↓↓↓
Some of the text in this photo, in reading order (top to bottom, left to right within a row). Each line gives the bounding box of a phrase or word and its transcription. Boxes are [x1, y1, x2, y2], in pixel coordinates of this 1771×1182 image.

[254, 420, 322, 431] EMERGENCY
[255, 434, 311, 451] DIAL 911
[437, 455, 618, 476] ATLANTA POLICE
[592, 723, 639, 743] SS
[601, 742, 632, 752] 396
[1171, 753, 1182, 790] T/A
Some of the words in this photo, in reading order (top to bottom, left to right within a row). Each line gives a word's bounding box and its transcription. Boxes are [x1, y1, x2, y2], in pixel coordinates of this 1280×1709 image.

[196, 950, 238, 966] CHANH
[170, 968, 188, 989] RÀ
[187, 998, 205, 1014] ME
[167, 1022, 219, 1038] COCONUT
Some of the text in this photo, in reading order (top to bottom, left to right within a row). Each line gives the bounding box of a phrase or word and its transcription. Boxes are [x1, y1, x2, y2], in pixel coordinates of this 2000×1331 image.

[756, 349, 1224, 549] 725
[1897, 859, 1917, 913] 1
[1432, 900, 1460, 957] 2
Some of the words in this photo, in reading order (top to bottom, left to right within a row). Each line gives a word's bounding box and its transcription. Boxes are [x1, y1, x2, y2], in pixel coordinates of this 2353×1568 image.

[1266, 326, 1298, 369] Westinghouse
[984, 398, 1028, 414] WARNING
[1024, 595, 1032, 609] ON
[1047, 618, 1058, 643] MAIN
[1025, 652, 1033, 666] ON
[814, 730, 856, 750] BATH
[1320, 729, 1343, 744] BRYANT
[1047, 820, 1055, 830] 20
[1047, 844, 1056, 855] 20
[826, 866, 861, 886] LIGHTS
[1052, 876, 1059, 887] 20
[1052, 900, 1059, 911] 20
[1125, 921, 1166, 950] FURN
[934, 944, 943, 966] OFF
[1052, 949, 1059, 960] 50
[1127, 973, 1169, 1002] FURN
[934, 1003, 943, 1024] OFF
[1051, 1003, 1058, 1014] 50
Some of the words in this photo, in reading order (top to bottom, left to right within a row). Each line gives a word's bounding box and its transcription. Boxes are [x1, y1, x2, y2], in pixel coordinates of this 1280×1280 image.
↑↑↑
YOUR ASSIGNMENT
Word for word, set down each line of the material.

ANSWER BELOW
Some of the text in this photo, in reading order (top to bottom, left to right within a row). Each line gives the bounding box of a phrase or word and its transcription. Boxes are [x1, y1, x2, y2], in pixel coordinates of this 1771×1182 image.

[254, 420, 322, 431] EMERGENCY
[255, 434, 311, 451] DIAL 911
[437, 455, 618, 476] ATLANTA POLICE
[592, 723, 639, 743] SS
[601, 742, 632, 752] 396
[1171, 753, 1182, 790] T/A
Some of the words in this photo, in reading order (top to bottom, left to right within a row). Each line gives a word's bounding box and its transcription. Boxes are [x1, y1, x2, y2], in pixel coordinates of this 1280×1709 image.

[196, 950, 238, 966] CHANH
[170, 968, 188, 989] RÀ
[187, 998, 205, 1014] ME
[167, 1022, 219, 1038] COCONUT
Some of the text in this photo, in reading order (top to bottom, left to right within a row). Each line gives the bounding box of a phrase or word and its transcription. Boxes are [x1, y1, x2, y2], in pixel coordinates of this 2000×1331 image.

[756, 349, 1224, 549] 725
[1897, 859, 1917, 913] 1
[1432, 900, 1460, 957] 2
Some of the words in this photo, in reading order (top to bottom, left to right within a row). Each line gives a word's bounding box and its transcription. Boxes are [x1, y1, x2, y2], in pixel coordinates of this 2353×1568 image.

[1266, 326, 1298, 369] Westinghouse
[984, 398, 1028, 414] WARNING
[1024, 595, 1032, 609] ON
[1047, 618, 1058, 643] MAIN
[1025, 652, 1033, 666] ON
[814, 730, 856, 750] BATH
[1320, 729, 1343, 744] BRYANT
[1047, 820, 1055, 830] 20
[1047, 844, 1056, 855] 20
[826, 866, 861, 886] LIGHTS
[1052, 876, 1059, 887] 20
[1052, 900, 1059, 911] 20
[1125, 921, 1166, 950] FURN
[934, 944, 943, 966] OFF
[1052, 949, 1059, 960] 50
[1127, 973, 1169, 1002] FURN
[934, 1003, 943, 1024] OFF
[1051, 1003, 1058, 1014] 50
Some of the words in this photo, in reading order (top to bottom, left to right within a row). Each line gives a word's bounding box and its transcription. Boxes are [x1, y1, x2, y2], in pixel coordinates of this 1280×1280 image.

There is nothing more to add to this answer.